** Opening DATASET CONTENT block **

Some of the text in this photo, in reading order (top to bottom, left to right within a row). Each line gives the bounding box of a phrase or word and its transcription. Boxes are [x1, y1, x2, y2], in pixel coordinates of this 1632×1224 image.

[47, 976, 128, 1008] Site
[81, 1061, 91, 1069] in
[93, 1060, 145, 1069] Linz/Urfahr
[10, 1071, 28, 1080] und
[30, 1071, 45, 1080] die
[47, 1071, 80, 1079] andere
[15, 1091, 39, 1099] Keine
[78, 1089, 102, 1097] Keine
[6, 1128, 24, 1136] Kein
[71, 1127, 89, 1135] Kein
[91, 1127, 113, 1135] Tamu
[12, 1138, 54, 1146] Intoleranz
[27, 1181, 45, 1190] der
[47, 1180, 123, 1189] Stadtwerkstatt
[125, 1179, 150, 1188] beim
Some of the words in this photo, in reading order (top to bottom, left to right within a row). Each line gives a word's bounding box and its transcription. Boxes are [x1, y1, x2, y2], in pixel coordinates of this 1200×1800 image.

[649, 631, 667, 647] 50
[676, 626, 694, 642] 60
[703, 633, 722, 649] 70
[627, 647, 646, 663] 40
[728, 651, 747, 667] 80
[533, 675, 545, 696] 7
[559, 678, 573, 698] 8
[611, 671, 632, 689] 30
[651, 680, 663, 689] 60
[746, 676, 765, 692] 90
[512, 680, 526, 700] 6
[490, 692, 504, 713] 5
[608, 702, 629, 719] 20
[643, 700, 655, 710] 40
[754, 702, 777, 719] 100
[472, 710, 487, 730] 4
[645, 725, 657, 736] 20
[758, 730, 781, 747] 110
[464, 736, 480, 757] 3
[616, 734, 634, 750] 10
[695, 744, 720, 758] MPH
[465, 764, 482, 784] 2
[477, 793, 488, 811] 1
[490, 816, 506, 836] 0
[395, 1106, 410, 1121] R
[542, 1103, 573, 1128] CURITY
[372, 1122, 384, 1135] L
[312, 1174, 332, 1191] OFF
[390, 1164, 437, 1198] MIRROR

** Closing DATASET CONTENT block **

Your reply needs to reproduce all of the listing exactly.

• _ANSWER SPACE_
Some of the text in this photo, in reading order (top to bottom, left to right within a row). Each line gives the bounding box of a phrase or word and its transcription. Boxes are [x1, y1, x2, y2], in pixel coordinates of this 1632×1224 image.

[47, 976, 128, 1008] Site
[81, 1061, 91, 1069] in
[93, 1060, 145, 1069] Linz/Urfahr
[10, 1071, 28, 1080] und
[30, 1071, 45, 1080] die
[47, 1071, 80, 1079] andere
[15, 1091, 39, 1099] Keine
[78, 1089, 102, 1097] Keine
[6, 1128, 24, 1136] Kein
[71, 1127, 89, 1135] Kein
[91, 1127, 113, 1135] Tamu
[12, 1138, 54, 1146] Intoleranz
[27, 1181, 45, 1190] der
[47, 1180, 123, 1189] Stadtwerkstatt
[125, 1179, 150, 1188] beim
Some of the words in this photo, in reading order (top to bottom, left to right within a row). Each line gives a word's bounding box and its transcription. Boxes are [x1, y1, x2, y2], in pixel coordinates of this 1200×1800 image.

[649, 631, 667, 647] 50
[676, 626, 694, 642] 60
[703, 633, 722, 649] 70
[627, 647, 646, 663] 40
[728, 651, 747, 667] 80
[533, 675, 545, 696] 7
[559, 678, 573, 698] 8
[611, 671, 632, 689] 30
[651, 680, 663, 689] 60
[746, 676, 765, 692] 90
[512, 680, 526, 700] 6
[490, 692, 504, 713] 5
[608, 702, 629, 719] 20
[643, 700, 655, 710] 40
[754, 702, 777, 719] 100
[472, 710, 487, 730] 4
[645, 725, 657, 736] 20
[758, 730, 781, 747] 110
[464, 736, 480, 757] 3
[616, 734, 634, 750] 10
[695, 744, 720, 758] MPH
[465, 764, 482, 784] 2
[477, 793, 488, 811] 1
[490, 816, 506, 836] 0
[395, 1106, 410, 1121] R
[542, 1103, 573, 1128] CURITY
[372, 1122, 384, 1135] L
[312, 1174, 332, 1191] OFF
[390, 1164, 437, 1198] MIRROR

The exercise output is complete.